### [Task brief]
Because the images are not wanted, restate every line below word for word without them.

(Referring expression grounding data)
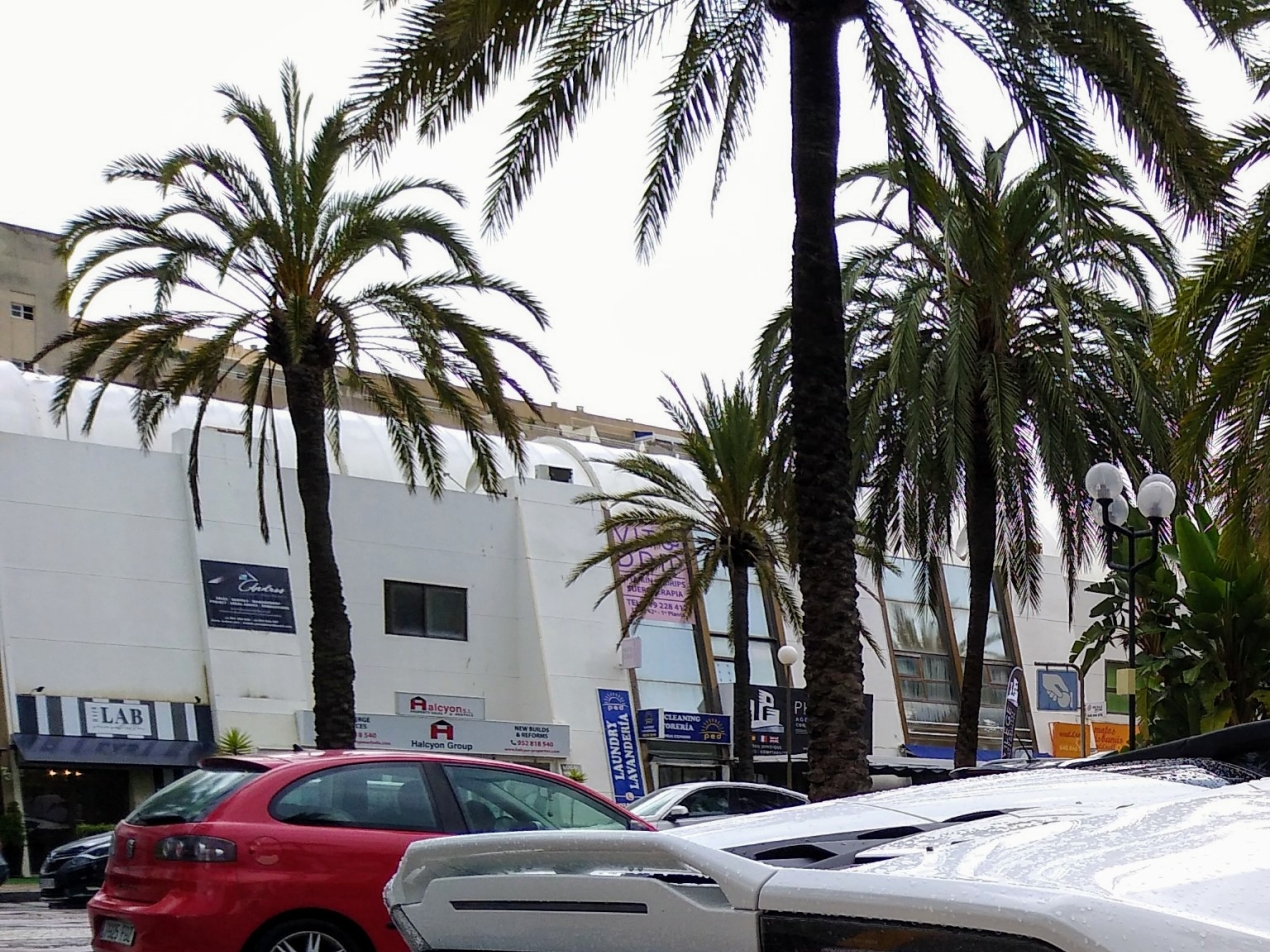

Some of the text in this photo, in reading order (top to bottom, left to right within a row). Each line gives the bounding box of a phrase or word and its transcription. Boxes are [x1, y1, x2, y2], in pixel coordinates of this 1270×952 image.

[659, 602, 673, 610] 228
[100, 706, 143, 725] LAB
[664, 714, 701, 723] CLEANING
[411, 740, 473, 751] Halcyon Group
[606, 720, 625, 781] LAUNDRY
[617, 713, 640, 789] LAVANDERÍA

### [Finished exercise]
Some of the text in this photo, in reading order (top to bottom, left to right within a row). Each line gives the bounding box of a phrase or word and its transcription. Boxes are [x1, y1, x2, y2], in pixel coordinates of this 1270×952 image.

[659, 602, 673, 610] 228
[100, 706, 143, 725] LAB
[664, 714, 701, 723] CLEANING
[411, 740, 473, 751] Halcyon Group
[606, 720, 625, 781] LAUNDRY
[617, 713, 640, 789] LAVANDERÍA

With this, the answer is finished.